Olá!
Quem lê minhas mensagens chega até a pensar que a maternidade é algo perfeito, ou pensa que eu sou uma louca varrida de pedra (nossa, que termo antigo hehehe).
Aí me perguntam: Onde "pega" a maternidade?
Eu digo que (por enquanto) é FICAR SEM DORMIR, OU DORMIR MUITO MAL!
Nos três primeiros meses dos picorruchos pensei que fóssemos ter um treco, de tanto cansaço. Eu amamentava a cada 3 horas no primeiro mês, depois passou a ser a cada 4 horas, inclusive nas madrugadas. Os bebês não dormiam ao mesmo tempo, eles resolviam fazer escala: um dormia, o outro ficava acordado, depois revezava. Às vezes um ia dormir às 22:00h, o outro só ia dormir às 2:00h, e às 2:25h... aquele que dormiu às 22:00h, resolvia acordar e só ia dormir às 5:00h. Foi punk os três primeiros meses.

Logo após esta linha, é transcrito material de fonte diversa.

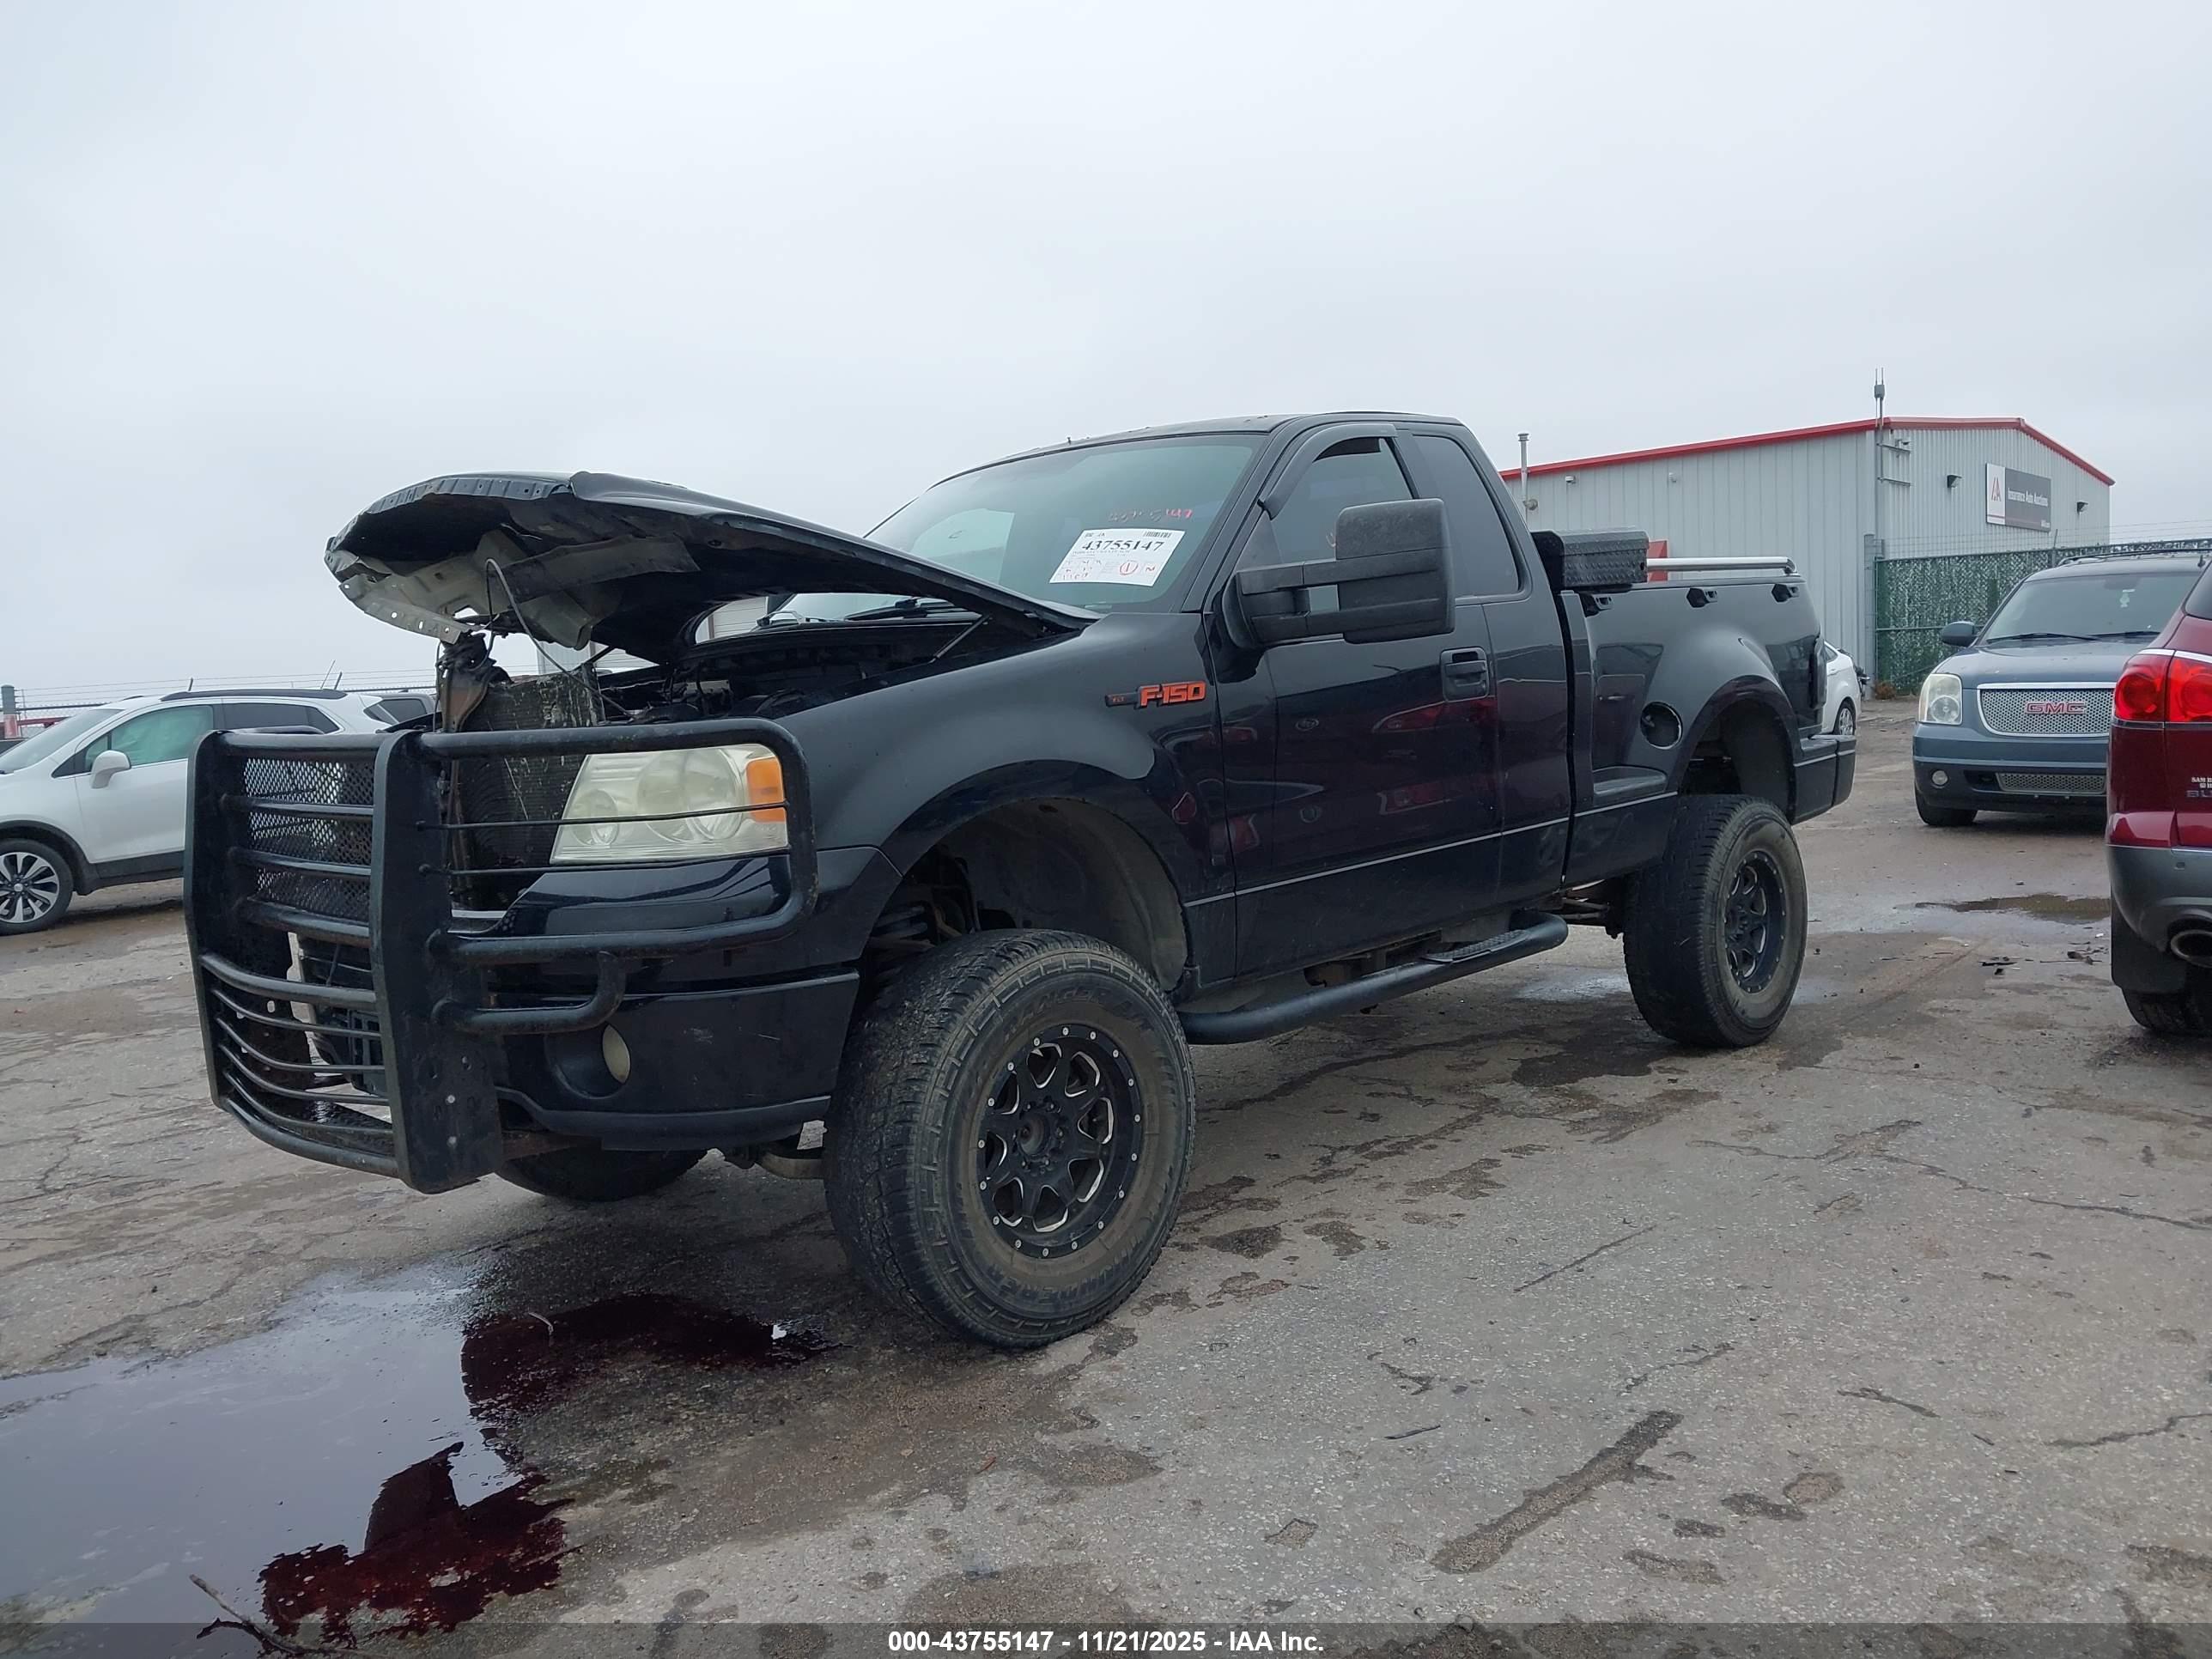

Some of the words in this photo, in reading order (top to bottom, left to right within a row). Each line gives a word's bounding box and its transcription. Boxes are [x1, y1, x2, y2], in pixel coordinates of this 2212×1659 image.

[1081, 539, 1165, 551] 43755147
[1139, 682, 1206, 707] F-150
[2026, 701, 2087, 714] GMC

Durante as manhãs eu conto com a ajuda do maridão, à tarde e até o marido chegar à noite, conta com a ajuda da minha mãe. Não tivemos ajuda de ninguém nas madrugadas, não quisemos ninguém estranho em casa cuidando dos nossos filhos. Sei que muitas pessoas contam com o apoio de babás, enfermeiras, não estou aqui para discutir se está certo ou errado, mas nós achamos que a responsabilidade e o privilégio de cuidar dos bebês era exclusivamente nosso, mesmo com todas as dificuldades e cansaço.
Passado os três primeiros meses, como num passe de mágica, Ruteca passou a dormir super bem, de 10 a 12 horas por noite, sem interrupção, e continua assim até hoje. Se ela chora de madrugada, geralmente é dor (dentes, cólica, febre, etc). Ou então ela acorda porque o irmão a acordou.
Já o Miguelito até hoje acorda 1 vez de madrugada (agora não mais todas as noites, mas 2 ou 3 vezes por semana) e quer mamar. Não tem negociação: não adianta tentar niná-lo nos braços, deixar chorando um pouco (bom, isso nunca fazemos), ele quer é mamar, sente fome mesmo. Ou então ele acorda porque está molhado de xixi, e depois da troca de fraldas e de roupa... quer mamar. Comentei com o pediatra e a resposta foi: "Normal...".
Ambos nunca trocaram a noite pelo dia, e achamos isso fantástico. Ambos tiram uma ou duas sonecas durante o dia, sendo que o Miguel dorme mais durante o dia do que a Rute.
Aí me perguntam aonde está a dificuldade; eu digo que é ficar sem dormir 8 horas direto por mais de um ano. Não é uma coisa de outro mundo, sei que existem situações muito e muito piores (como um filho doente), mas não deixa de ser uma situação que desgasta.
Li alguns livros, alguns até específicos sobre sono de bebês/ crianças. Tive a recomendação do "Nana, nenê" de amigos, vizinhos, mas sinceramente, para nós não serve. Não sou adepta e nem à favor do "deixa chorar". Se serviu para outras pessoas, ótimo, mas não para a nossa filosofia. Li os livros da "Encantadora de bebês", achei bacana, mas o capítulo do sono não aliviou muito a situação.
O que está nos ajudando muito, diria que até resolvendo, é o livro "Soluções para noites sem choro, para crianças de 1 a 6 meses". Tem também a versão para crianças de até 1 ano, mas esse (infelizmente), nós não lemos. A autora do livro argumenta que a criança não precisa chorar para dormir, mas que existem maneiras mais tranquilas e gentis para melhorar o sono do nosso filho, e é claro, o nosso também.
Quando der vou postar alguns trechos do livro para reflexão, e quem sabe auxílio para outros pais.
Um pouco do livro:
- "... quando o sono de uma criança é perturbador, toda a sua personalidade é afetada. A falta de sono leva a uma aumento nos problemas de saúde e comportamentos agressivos, como choramingos e ataques de raiva."
- "Um sono saudável traz em si propriedades mágicas para seu filho e apóia a saúde, a atitude, a inteligência e o crescimento infantil."
- "Lembre-se de que, embora todos os seres humanos despertem periodicamente durante a noite, esse processo de associação é uma das razões principais para bebês e as crianças pequenas chamarem os pais no meio da noite, já que a presença do pai ou da mãe ao seu lado é necessária para que sintam seguros e confortáveis e possam adormecer novamente."
Está aí a dica. E você, como são as noites de sono do seu(s) filho(s)?